Where bop met swing is where Zoot Sims loved to hang out, and this lost tape from 1958 gives a textbook lesson in what happened in that glorious crash collision. Why the gig is not on Jazz Haus' Legends Live series, an extremely impressive ongoing archaeological effort saving prime gigs from oblivion, I haven't clue, as Sims was a very big name back in his day, but it's more than sufficient that the great jazz imprint rescued the music at all (which, in this case, had seen 1988 publication but of such lower quality that the difference between that and this is breathtaking), come what may, devil take the hindmost.
Nor is Lost Tapes so much a Sims gala but more a jam session with Zoot absenting himself on three cuts in order to give other players a better showcase. The equally talented Hans Koller appears alongside him and the two go to it with a will. However, Koller on his own is just as strong, as in the episodic take on Richard Rodgers' Fallin' in Love. Sims had met the gent while touring with Benny Goodman and was knocked out by his ultra-cool approach to the style.
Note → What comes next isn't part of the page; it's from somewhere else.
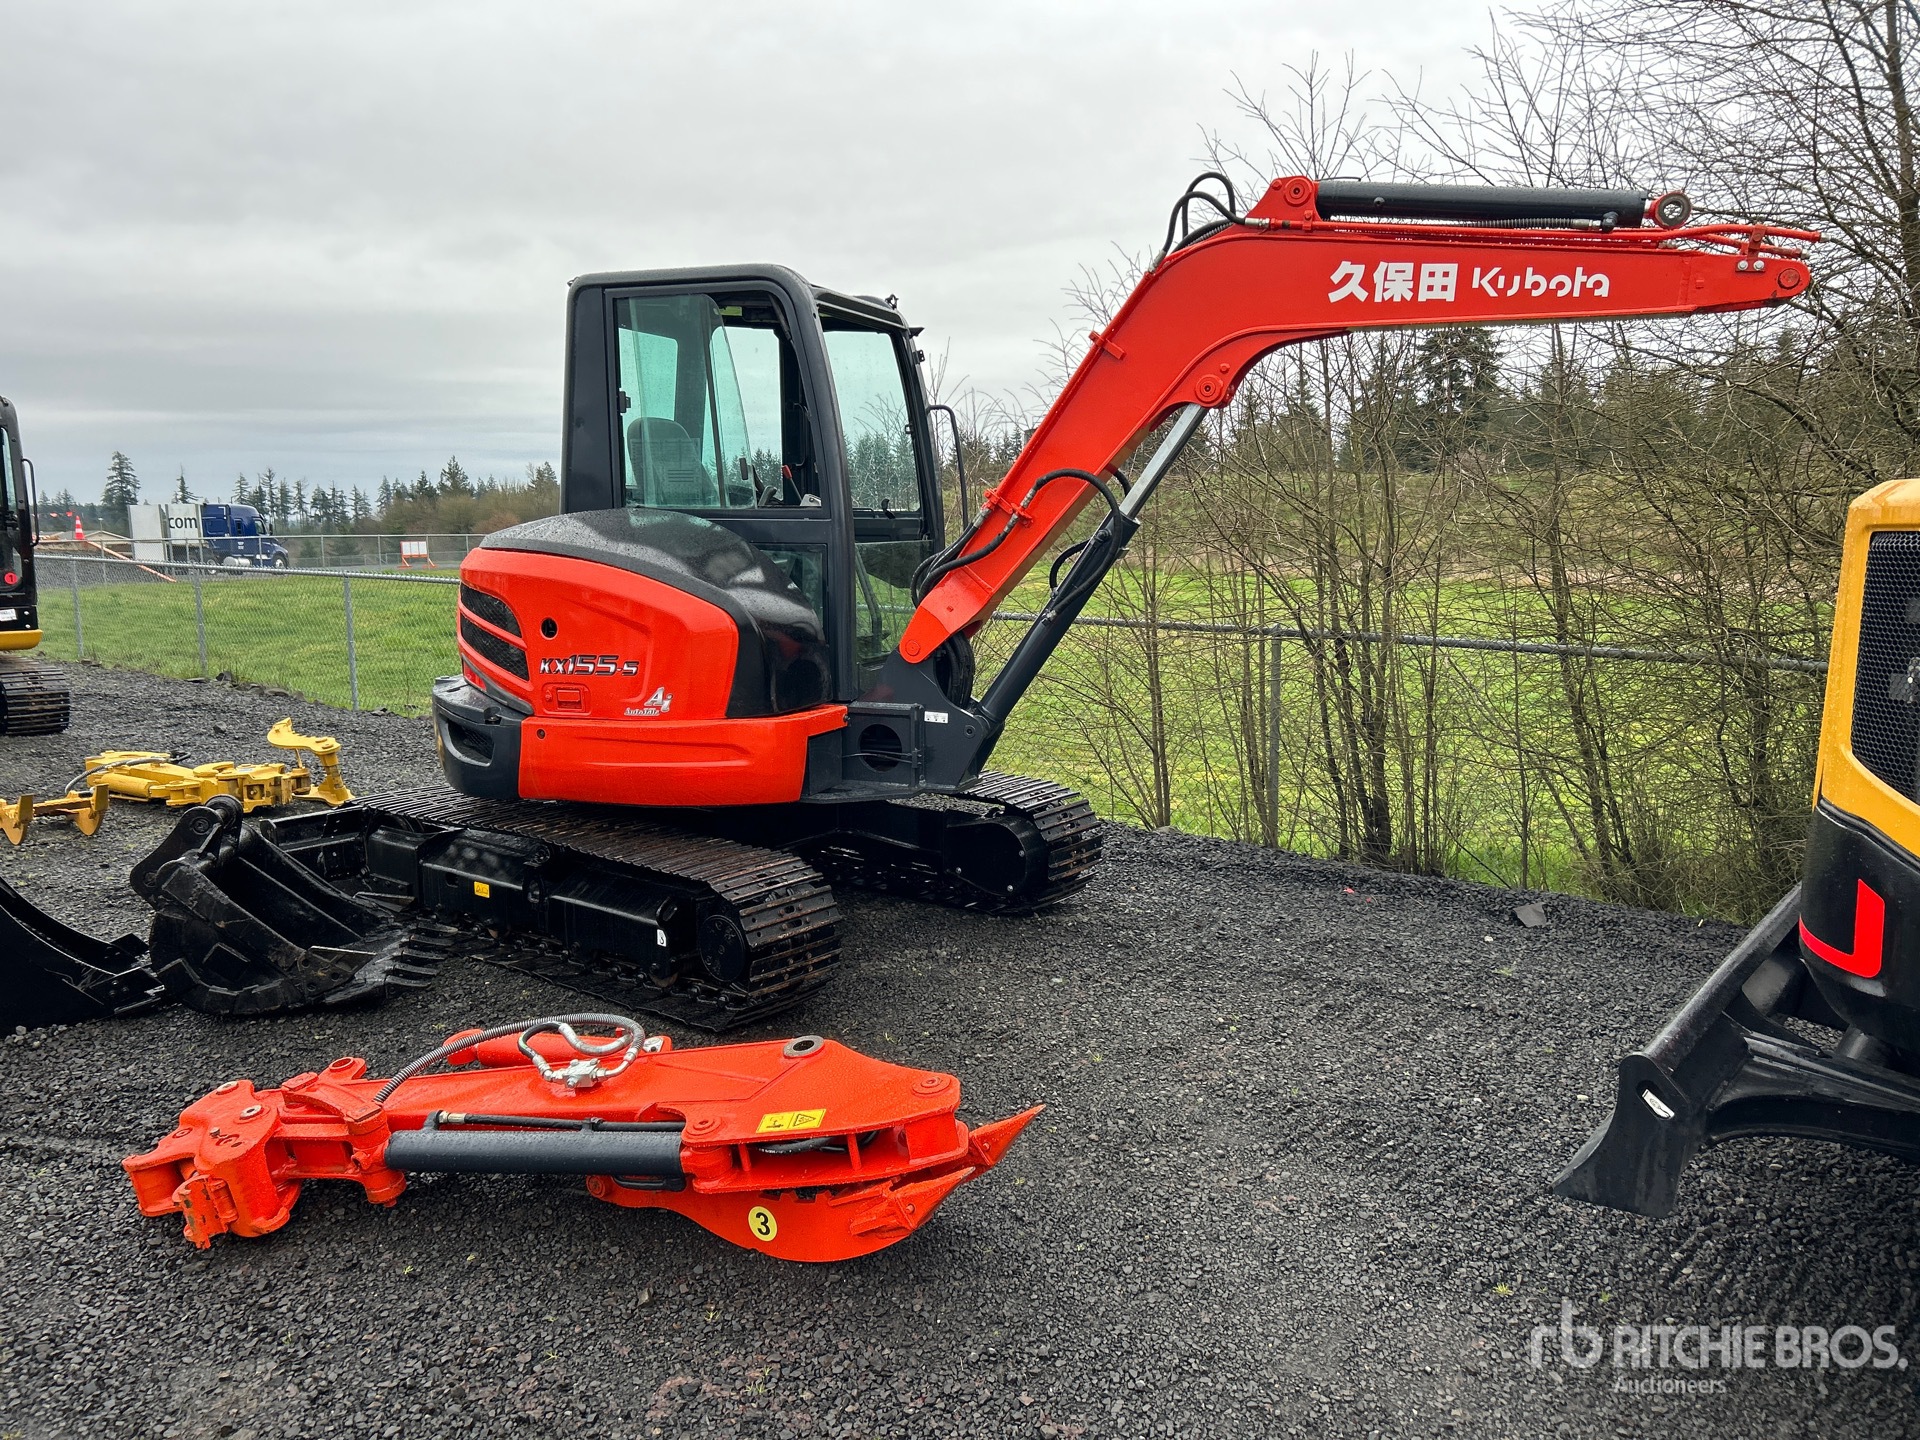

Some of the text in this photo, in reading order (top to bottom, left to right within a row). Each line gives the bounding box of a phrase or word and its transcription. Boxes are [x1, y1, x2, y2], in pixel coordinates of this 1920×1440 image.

Koller was in fact was Europe's leading go-to guy on tenor sax, so Joachim-Ernst Berendt got the pair together with a bunch of others in a studio concert (with audience) and let the tapes roll.
The result just goes to prove what an incredibly disciplined bunch the jazz players were over 50 years ago, sitting in a sound that still hasn't quite been equaled no matter how hard more modern musicians have tried. And in case you recognize the hard-edged drumbeat in this confab, yep, it's the great Kenny Clarke…catch his solo in Open Door; wow!…letting his hair down along with fellow jazzbos. Note also that three of the cuts were written by the group's pianist, Hans Hammerschmid, including the selfsame Open Door, which could've stood as a textbook lesson for John Bonham and some of rock's cleverer drummers. If, like me, you're finding yourself in an epiphany of interest regarding the swing years once again, then you need to also find your way to this disc 'cause it shines with a luster that hasn't dimmed in half a century.